Sam passed away in 1989 when he was seventy-six and I was twenty-five. I had just finished graduate school and started my first full-time job working at a library when he got sick. He succumbed quickly to his illness after only a few weeks in the hospital.
As children, we didn’t actually see our grandparents too often. They lived in Florida during the winter and came back to Montreal in the summer. We’d fly down to visit them for two weeks during Christmas and Easter vacations. During the summer months, when they were back in town, my brothers and I were away at sleepaway camp. The only time of year we were really in the same place was at the beginning of the school year, before they returned to Florida for the winter.
My grandparents divorced in 1975, and by the time Sam’s business was winding down in the mid-1980s, he was spending even more time in Florida. By the time I graduated high school in ’81, and my parents’ marriage had come apart, we weren’t visiting Florida as a family anymore. We didn’t see much of Sam in the last decade of his life. My two older brothers saw him more often because, for a period of time, he let them use some of his empty factory space for the kitchen cabinet business they were trying to get off the ground. I, on the other hand, had no interest in business.
What I do remember about Sam has stuck with me—and, oddly enough, become more resonant with age. So many of the things I remember him talking about fifty years ago seem even more relevant today.
Sam was an autodidact. Despite never graduating from high school, he loved books and read widely. He read about politics, economics, philosophy, psychology, and art. When I was at university studying political science I can remember having discussions with him about some of the theories we were learning. I can remember him incisively shooting them down as ivory tower nonsense.

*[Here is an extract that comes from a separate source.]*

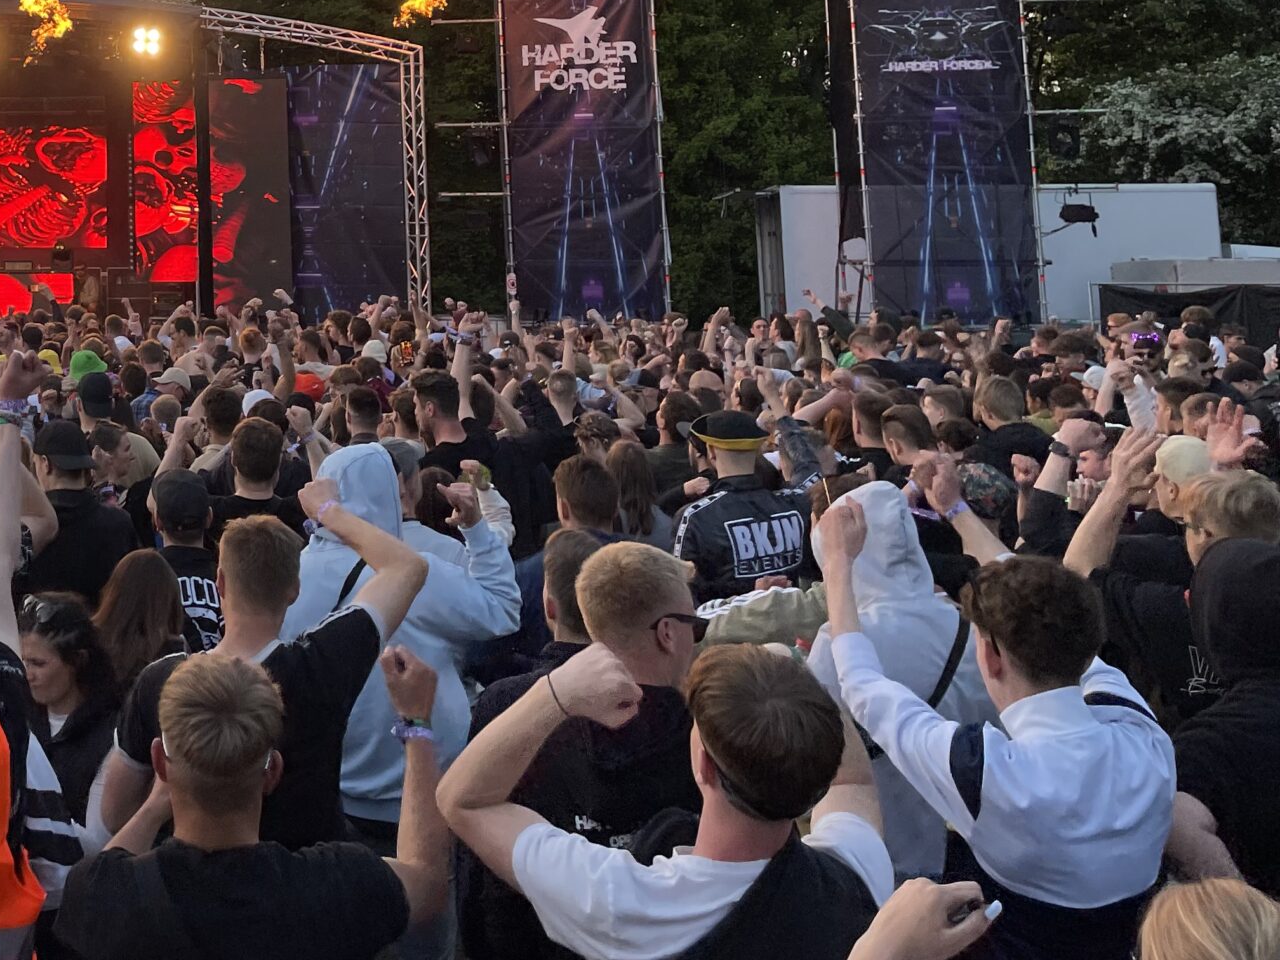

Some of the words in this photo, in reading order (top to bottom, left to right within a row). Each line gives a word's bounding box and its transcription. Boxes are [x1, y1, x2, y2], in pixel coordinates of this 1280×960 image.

I remember Sam being deeply interested in the writings of Freud and Marx though. His interest in Freud, I believe, was partly personal—he had underwent psychoanalysis for many years—but also connected to his work as an artist and his belief in the dominant role of the subconscious in life.
He was also interested by psychology as it relates to spectacle. One of his favorite phrases was “Bullshit baffles brains.” What he meant was that people could be manipulated, diverted, or gaslit. He was fascinated by American culture, and especially by the popularity of megachurches and televangelists in the South. On a portable cassette recorder, Sam used to tape the Sunday morning broadcasts of the charismatic preachers—the “Holy Rollers,” as he called them. He loved it when they made their pitch for donations, the psychology of salesmanship.

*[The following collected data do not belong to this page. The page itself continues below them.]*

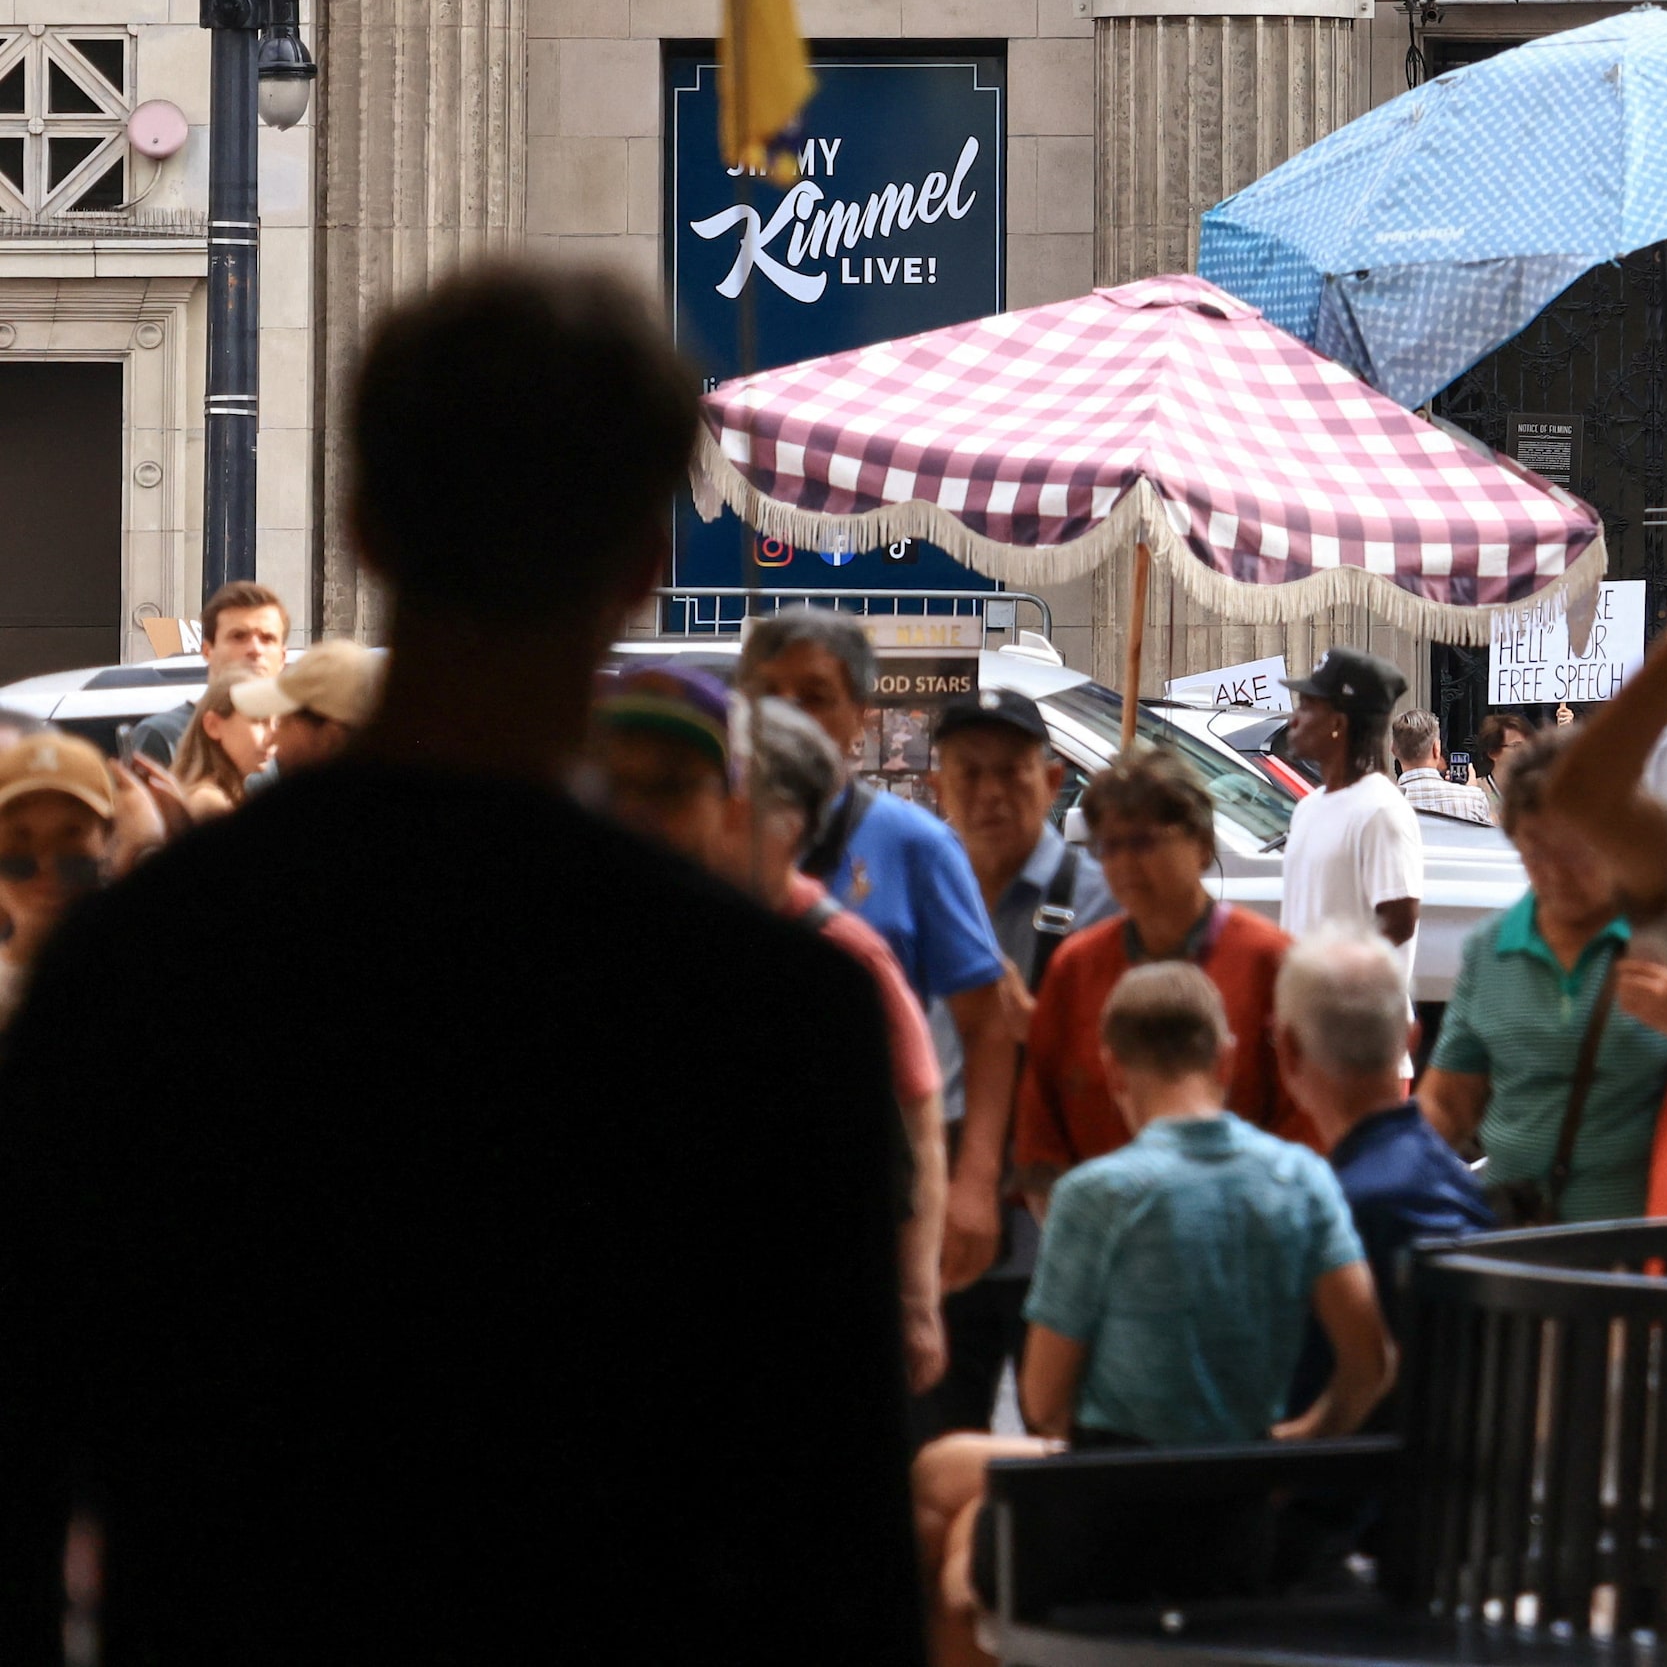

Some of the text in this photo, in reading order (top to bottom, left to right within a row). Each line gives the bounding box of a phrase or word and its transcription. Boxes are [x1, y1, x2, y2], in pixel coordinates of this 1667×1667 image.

[690, 136, 979, 303] Kimmel
[841, 257, 938, 284] LIVE!
[1517, 424, 1573, 434] NOTICE OF FILMING
[915, 676, 971, 693] STARS
[1498, 662, 1625, 702] FREE SPEECH

He was highly skeptical of politics and politicians, and despite his own success as a businessman, he didn’t believe in the future of capitalism. I remember him saying that “capital and labour are in conflict.” I presume much of his economic skepticism came from his difficult experience negotiating contracts with garment workers’ unions. He also said, “The banks own everything,” expressing his doubt in the very concept of private property that underpins the capitalist system.
I remember one time he drew a circle to illustrate why capitalism cannot work in the long run. He said, “Let’s say you have a circle of ten people, and you give each one $100 to sell a product or service to their neighbour in sequence. According to capitalism, each person must make a profit on their transaction. Logically, after a number of cycles, one person will end up with all the money.” (The exact number of cycles depends on the profit margins, but the principle stands.)

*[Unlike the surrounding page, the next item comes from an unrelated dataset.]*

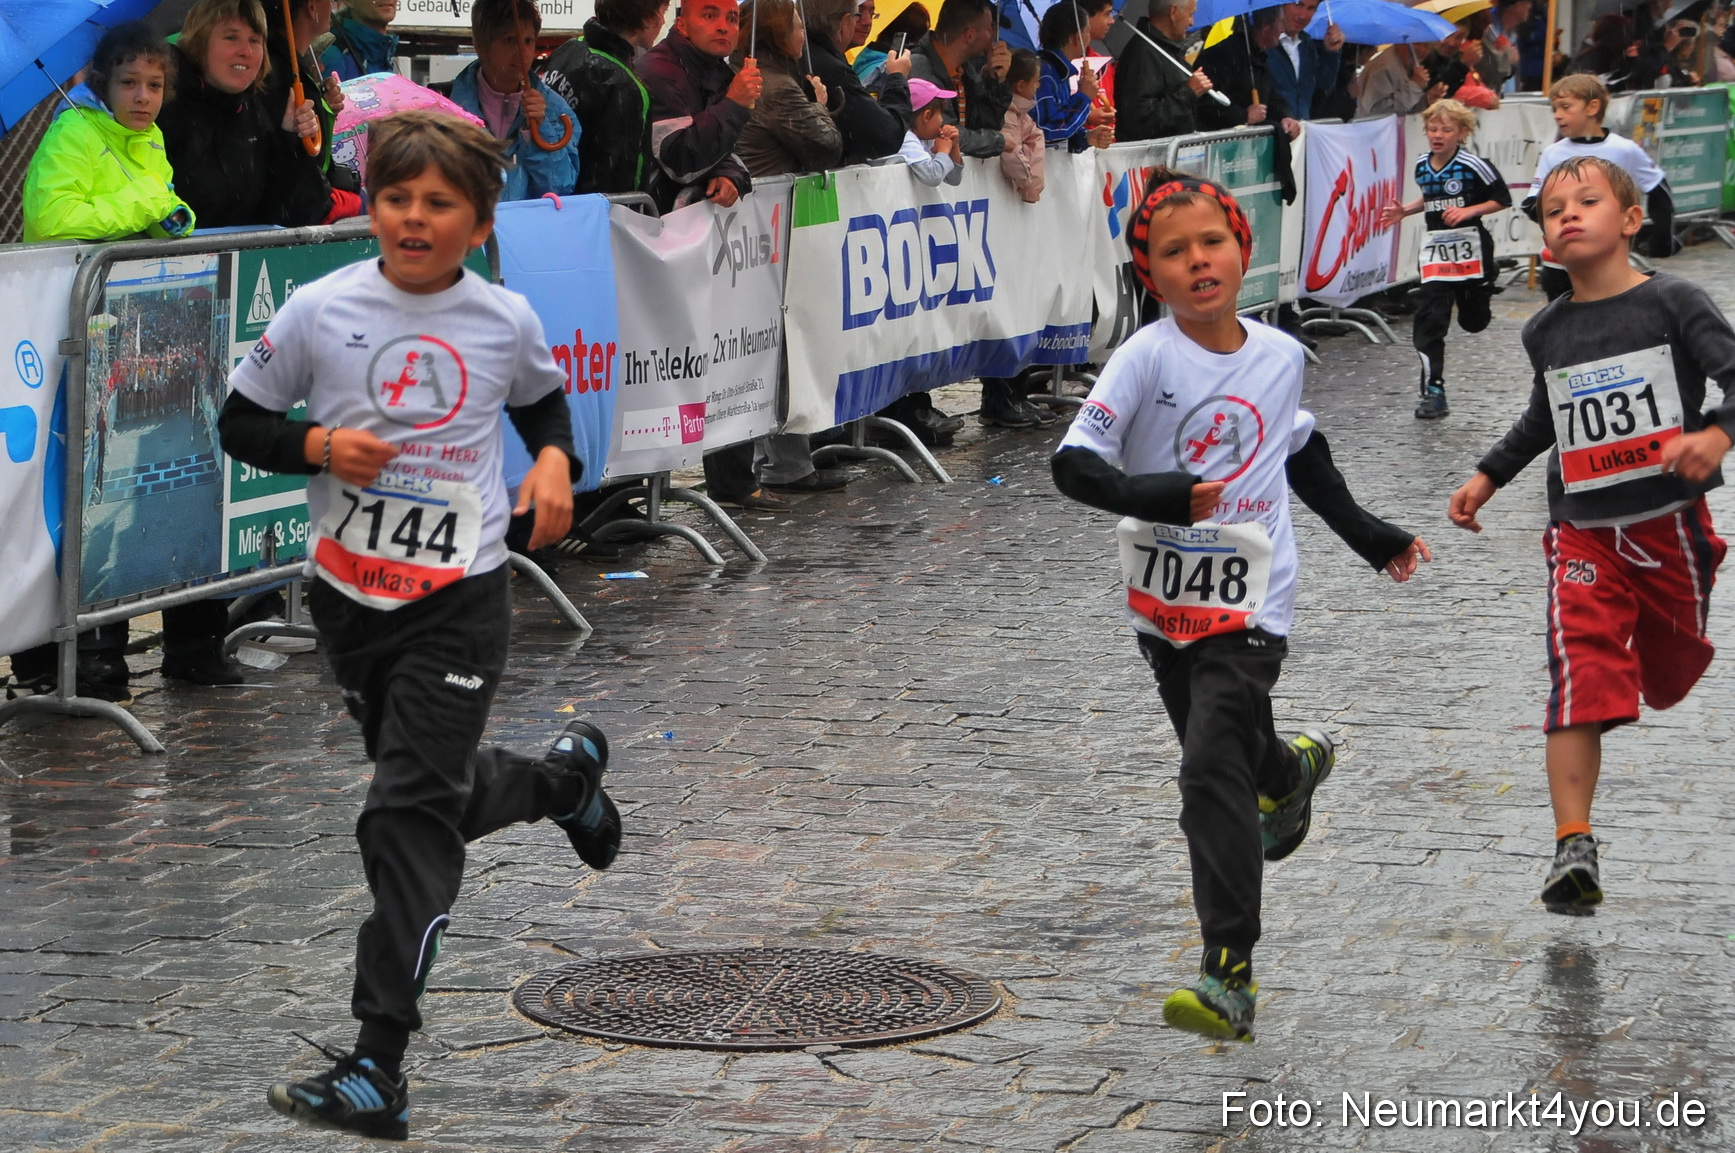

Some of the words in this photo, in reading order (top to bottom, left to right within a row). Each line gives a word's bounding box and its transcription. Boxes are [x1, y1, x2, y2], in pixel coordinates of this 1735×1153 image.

Today it seems like Sam was right about everything. Nothing about current events, thirty-six years after his death, would surprise him. Capitalism has failed in the way he foresaw—all the money has ended up in the hands of a few. Politics has proven that “bullshit baffles brains”; people are easily diverted and gaslit.
Sam was ahead of his time.
The truth is, I’m not sure what Sam actually thought, because I never had the depth or maturity to ask him. That’s the source of my regret. I’m just sewing together fabric swaths of memory to create a complete garment he might have worn.
2 comments:
You have spoken about your grandfather before. An unsung hero, it’s a good thing that you have done to ”sing about him” in this post. I wonder if you are able write even more about him, to expand on what you have written, perhaps do more research or perhaps engage your incredible imagination, to write something more substantial, like a book? I was quite close with my grandparents, and there’s a million questions that I would ask them now if I could, but I just didn’t have the wherewithal to ask at the time. But we could try to imagine what they would say, no? Might be a cool and rewarding exercise.
That’s a great suggestion. In fact so good that I’ve already taken it up. One of the characters in my first novel, Shimmy, was based on grandpa Sam. He was already a kind of mythical figure in the garment industry here - people still talk about him. While there were still manufacturers, before the doors were opened for China to take over, you could trace a significant percentage of the companies back to grandpa Sam’s company, usually as a training ground for people who went on to start their own businesses.